Problem description
Leave out the pictures and repeat every record exactly.

[Saved entries]
· · · ·

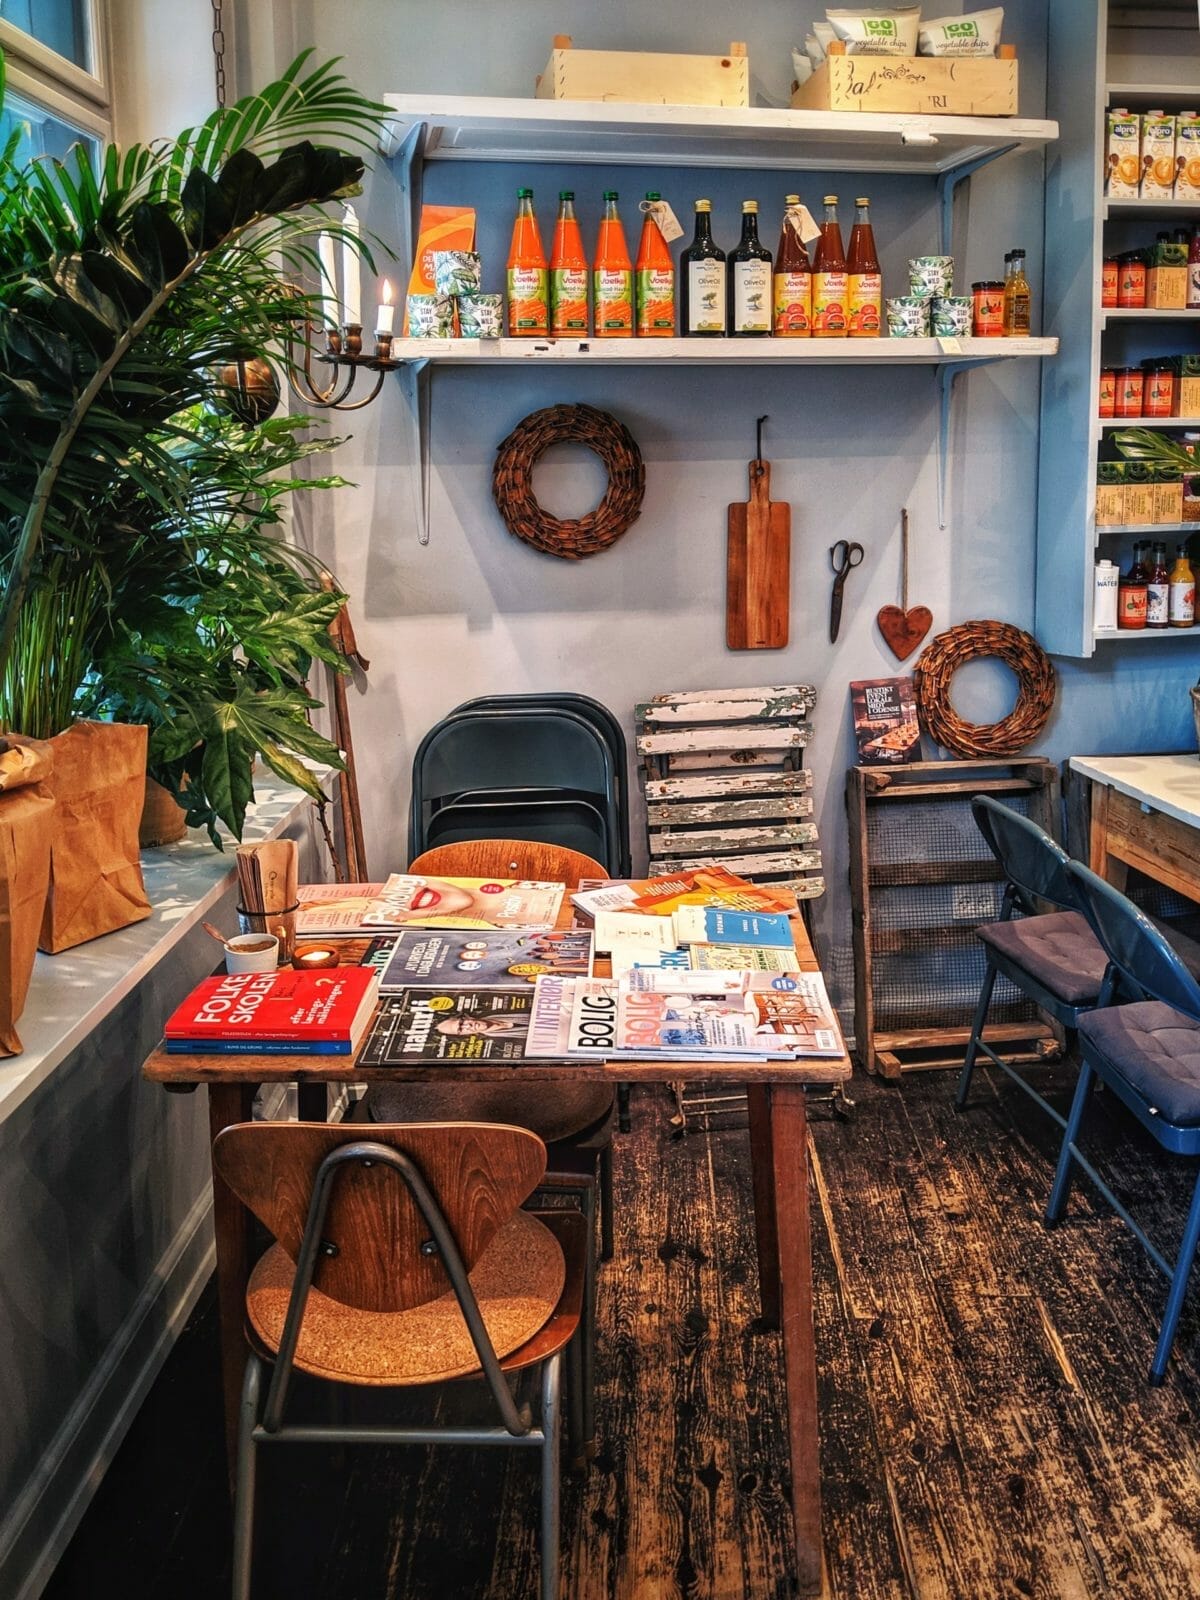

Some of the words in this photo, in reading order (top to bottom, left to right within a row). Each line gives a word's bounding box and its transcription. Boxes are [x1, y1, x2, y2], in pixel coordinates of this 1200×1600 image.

[867, 20, 892, 29] GO
[947, 22, 973, 32] GO
[855, 37, 887, 49] vegetable
[890, 38, 907, 49] chips
[936, 39, 969, 49] vegetable
[970, 38, 989, 48] chips
[1115, 125, 1135, 134] alpro
[1150, 126, 1170, 135] alpro
[481, 317, 494, 325] WILD
[872, 706, 900, 714] ODENSE
[405, 942, 427, 971] AYURVEDA
[194, 975, 253, 1023] FOLKE
[228, 972, 281, 1024] SKOLEN
[535, 978, 563, 1030] INTERIØR
[289, 1008, 302, 1024] efter
[578, 996, 616, 1047] BOLIG
[624, 993, 663, 1046] BOLIG

· · · ·

Finished task
Some of the words in this photo, in reading order (top to bottom, left to right within a row). Each line gives a word's bounding box and its transcription. Boxes are [x1, y1, x2, y2], in pixel coordinates of this 1200×1600 image.

[867, 20, 892, 29] GO
[947, 22, 973, 32] GO
[855, 37, 887, 49] vegetable
[890, 38, 907, 49] chips
[936, 39, 969, 49] vegetable
[970, 38, 989, 48] chips
[1115, 125, 1135, 134] alpro
[1150, 126, 1170, 135] alpro
[481, 317, 494, 325] WILD
[872, 706, 900, 714] ODENSE
[405, 942, 427, 971] AYURVEDA
[194, 975, 253, 1023] FOLKE
[228, 972, 281, 1024] SKOLEN
[535, 978, 563, 1030] INTERIØR
[289, 1008, 302, 1024] efter
[578, 996, 616, 1047] BOLIG
[624, 993, 663, 1046] BOLIG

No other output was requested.